The TRPV4 receptor plays a key role in the death of pancreatic cells induced by amyloid fibers

Anna Novials

Amyloid is a pathologic substance mostly consisting of proteins such as amylin, which can become deposited on different organs and tissues. In some degenerative diseases, such as Alzheimer’s or Parkinson’s, the formation of ordered amyloid fibers has been observed in places where cell death occurs. In patients with type-2 diabetes mellitus, islets of amyloid have been found within the islets of Langerhans, the collection of pancreatic cells with an endocrine function. These amyloid deposits are found in regions with cellular degeneration and have therefore been associated with the progression of the diabetes.

An IDIBAPS study published on the front page of Diabetologia (51(12):2252-62) by the team led by Dr. Anna Novials analyzes the mechanisms by which these amyloid fibers are associated with the death by apoptosis of pancreatic cells. The results show that abnormal concentrations of calcium play a key role in the toxicity induced by the amyloid.

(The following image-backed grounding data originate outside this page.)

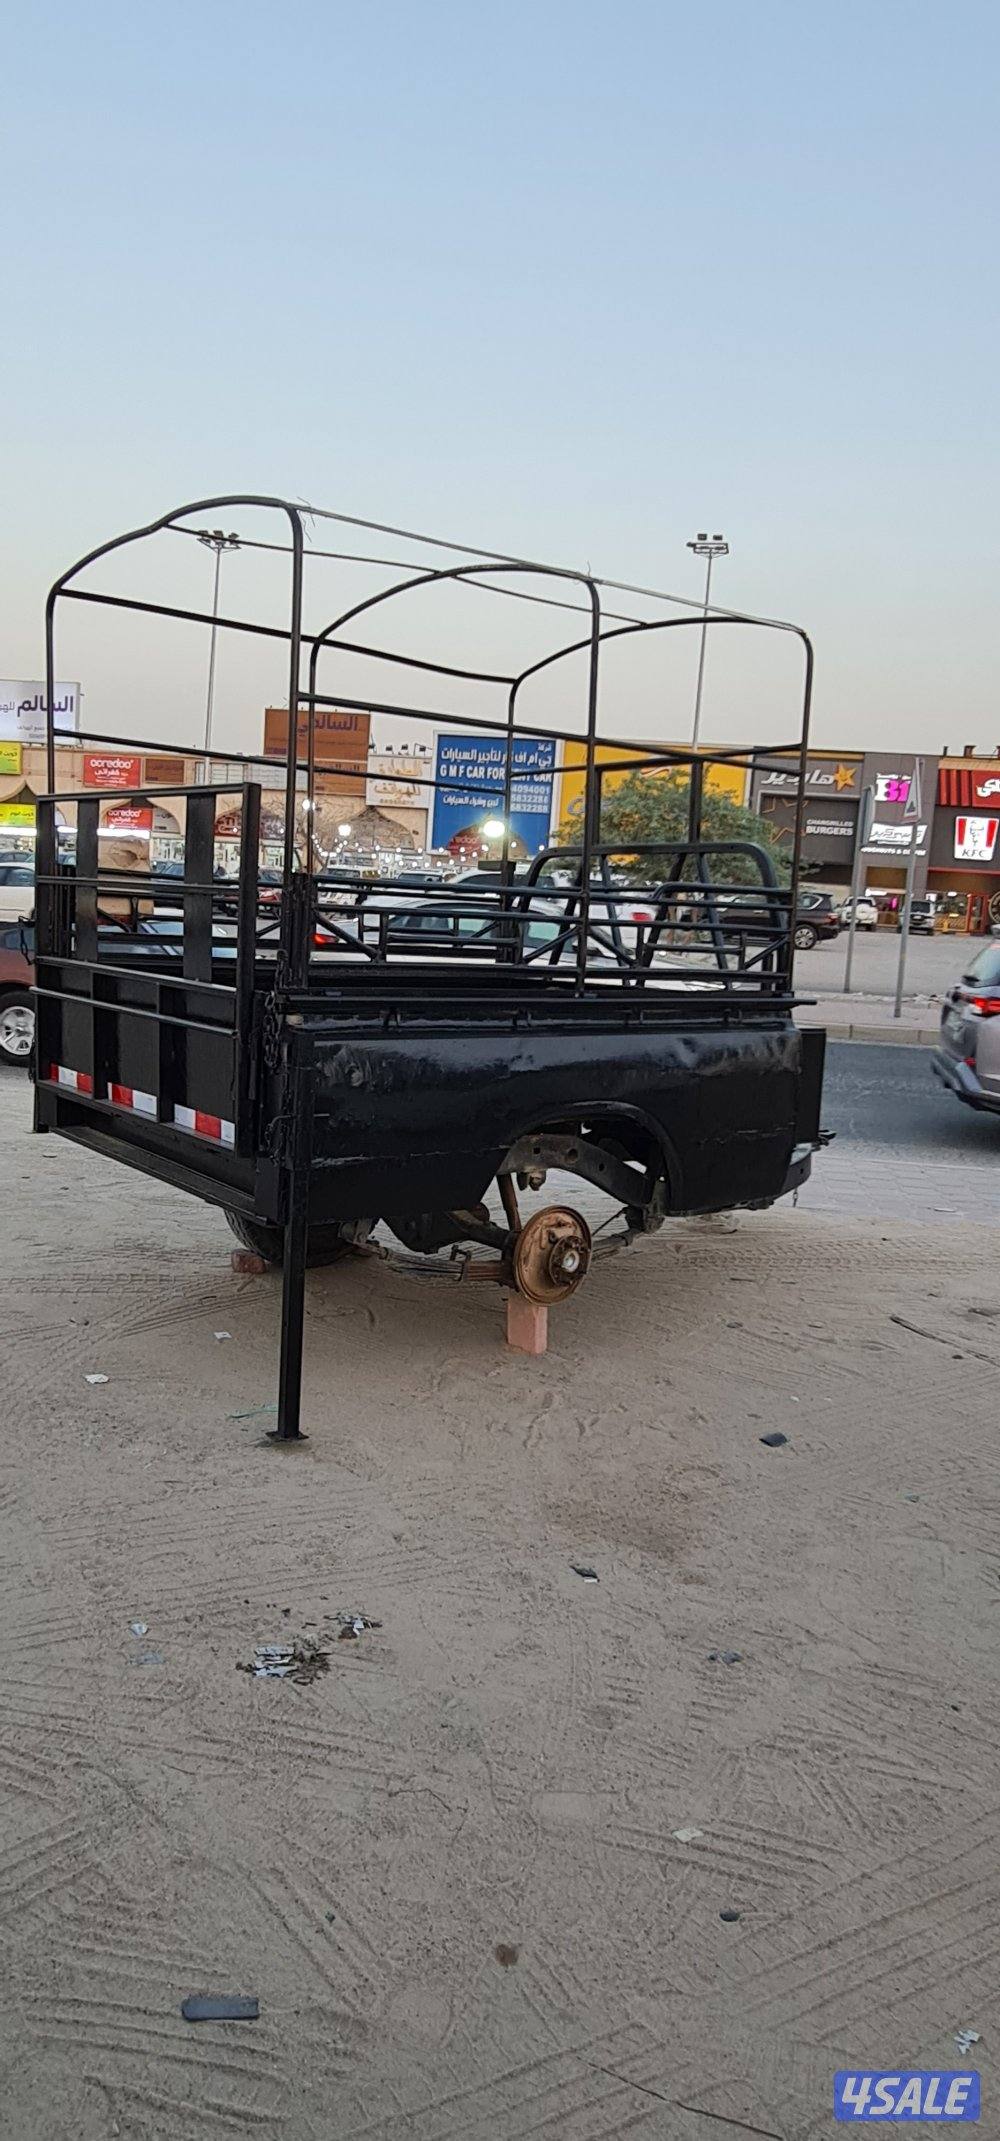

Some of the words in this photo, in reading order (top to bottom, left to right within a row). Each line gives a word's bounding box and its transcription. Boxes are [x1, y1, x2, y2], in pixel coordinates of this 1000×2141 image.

[441, 747, 478, 763] السيارات
[90, 758, 133, 769] ooredoo
[439, 764, 448, 777] G
[449, 765, 458, 777] M
[458, 765, 466, 778] F
[466, 766, 485, 779] CAR
[486, 767, 506, 780] FOR
[805, 827, 853, 836] BURGERS
[962, 848, 985, 858] KFC

The hypothesis put forward in the article suggests that TRPV4, a channel to the cell surface that is sensitive to mechanical and osmotic changes, becomes activated in response to physical alterations caused by the aggregation of fibers around the cells. This would activate the process that leads to cell death by apoptosis: the entry of calcium into the cell, that the polarized nation of the membrane, and the activation of L-type calcium channels.

The study involved different experiments using pancreatic cells from MIN6 rats. The effect of different molecular experiments was analyzed and electron microscopy observations were carried out to show that the proximity of amyloid fibers leads to deformities in the pancreatic cells. Inhibition of TRPV4 by interference RNA resulted in a drastic reduction of alterations in the calcium concentration and prevented cell death. Although other mechanisms appear to be implicated, these experiments show that TRPV4 receptors play a key role in the initial stages of the process.